OTHER CITRUS APPLICATIONS
While we see huge upside in using AI to improve breeding, it has immense potential to help citrus in all sorts of ways. UF/IFAS engineer Sandra Guzmán is applying AI to citrus irrigation at our Indian River Research and Education Center. Yiannis Ampatzidis created Agroview, which use drones and AI to count trees and assess plant stress. He partnered with an entrepreneur to form Agriculture Intelligence to make Agroview commercially available.

Arnold Schumann of CREC and Nathan Boyd of GCREC (one of the lead visionaries for the AI center there) are developing a smart sprayer that targets weeds when applying herbicides to strawberry and vegetable rows. This technology could also be adapted to groves.

AI will be no different than the way we’ve developed previous technologies. We want your input as we do it. Tell us what problems you need solved.
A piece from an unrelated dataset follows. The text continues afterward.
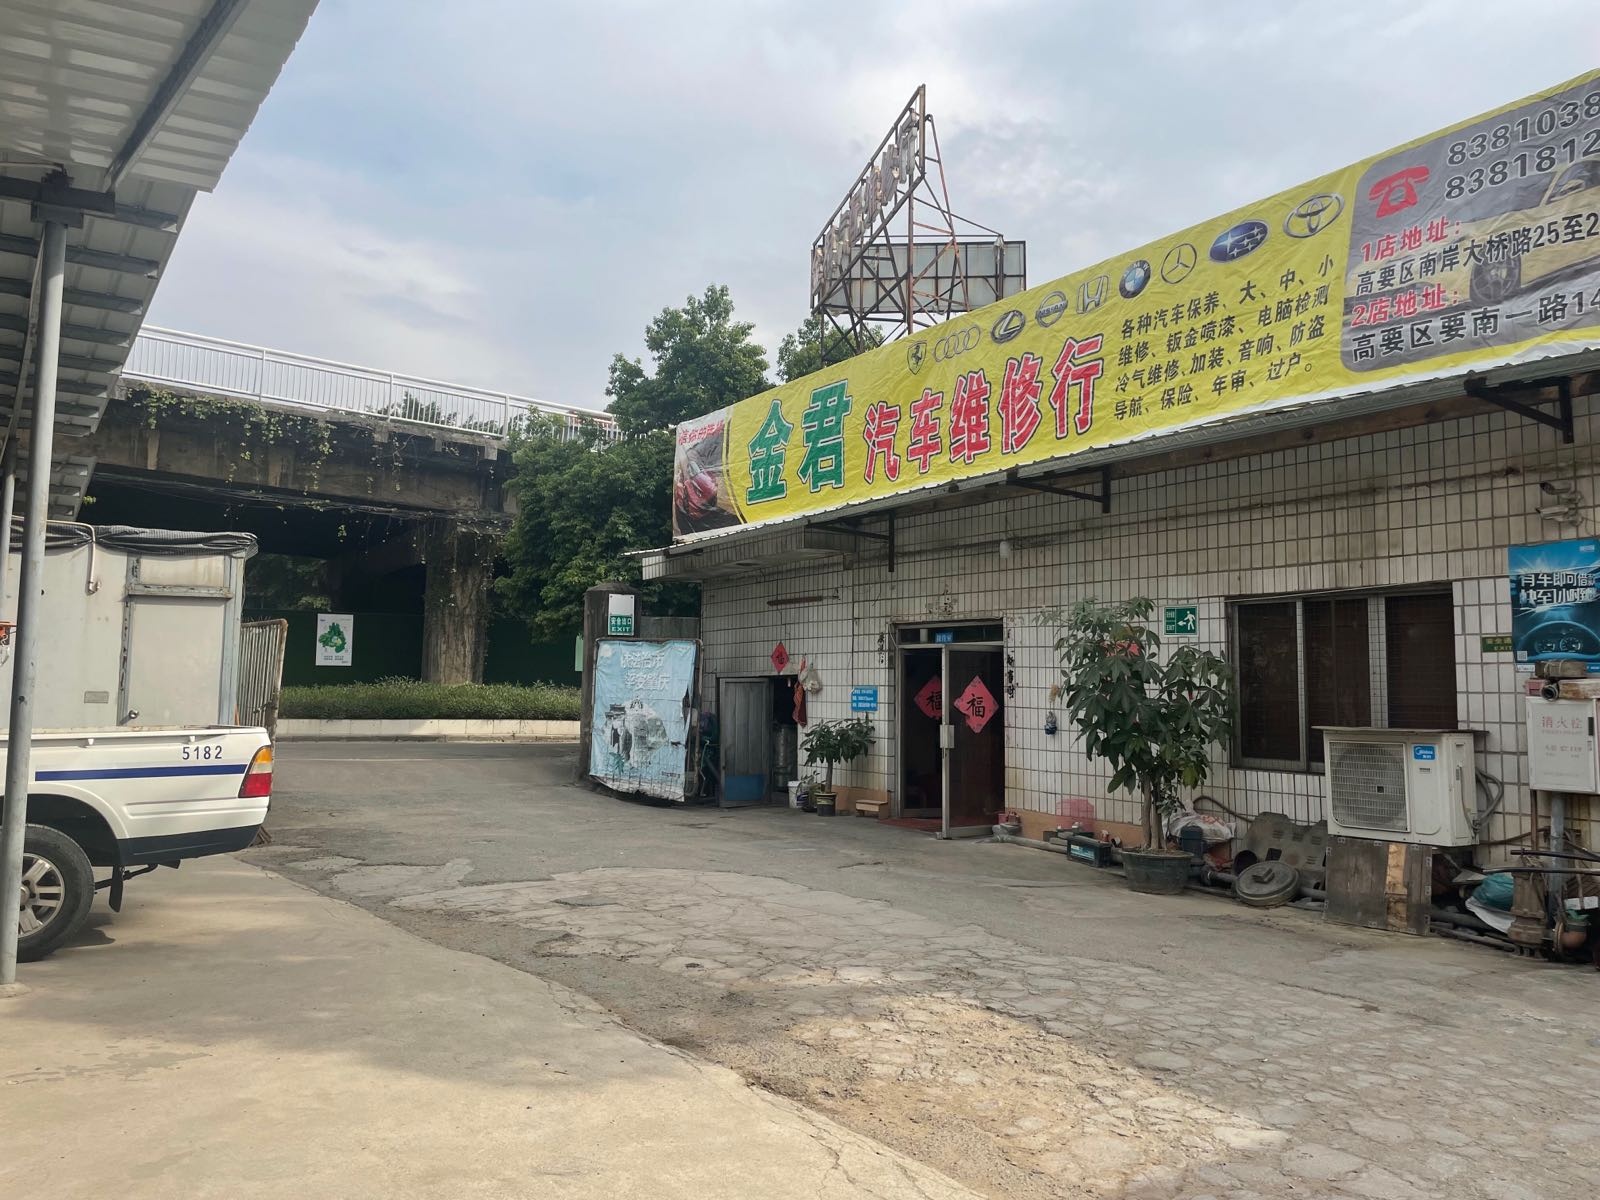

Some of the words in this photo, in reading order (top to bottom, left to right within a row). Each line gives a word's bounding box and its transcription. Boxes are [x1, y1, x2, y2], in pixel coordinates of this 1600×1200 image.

Tell me. Tell Michael Rogers.

Let us try out AI applications in your grove to see if they work under real-world conditions. This has the potential to help every grower, not just those who can afford a substantial upfront investment. Your real wisdom and UF’s artificial intelligence will revolutionize all of Florida agriculture, including citrus.

J. Scott Angle is the University of Florida’s senior vice president for agriculture and natural resources and leader of UF/IFAS.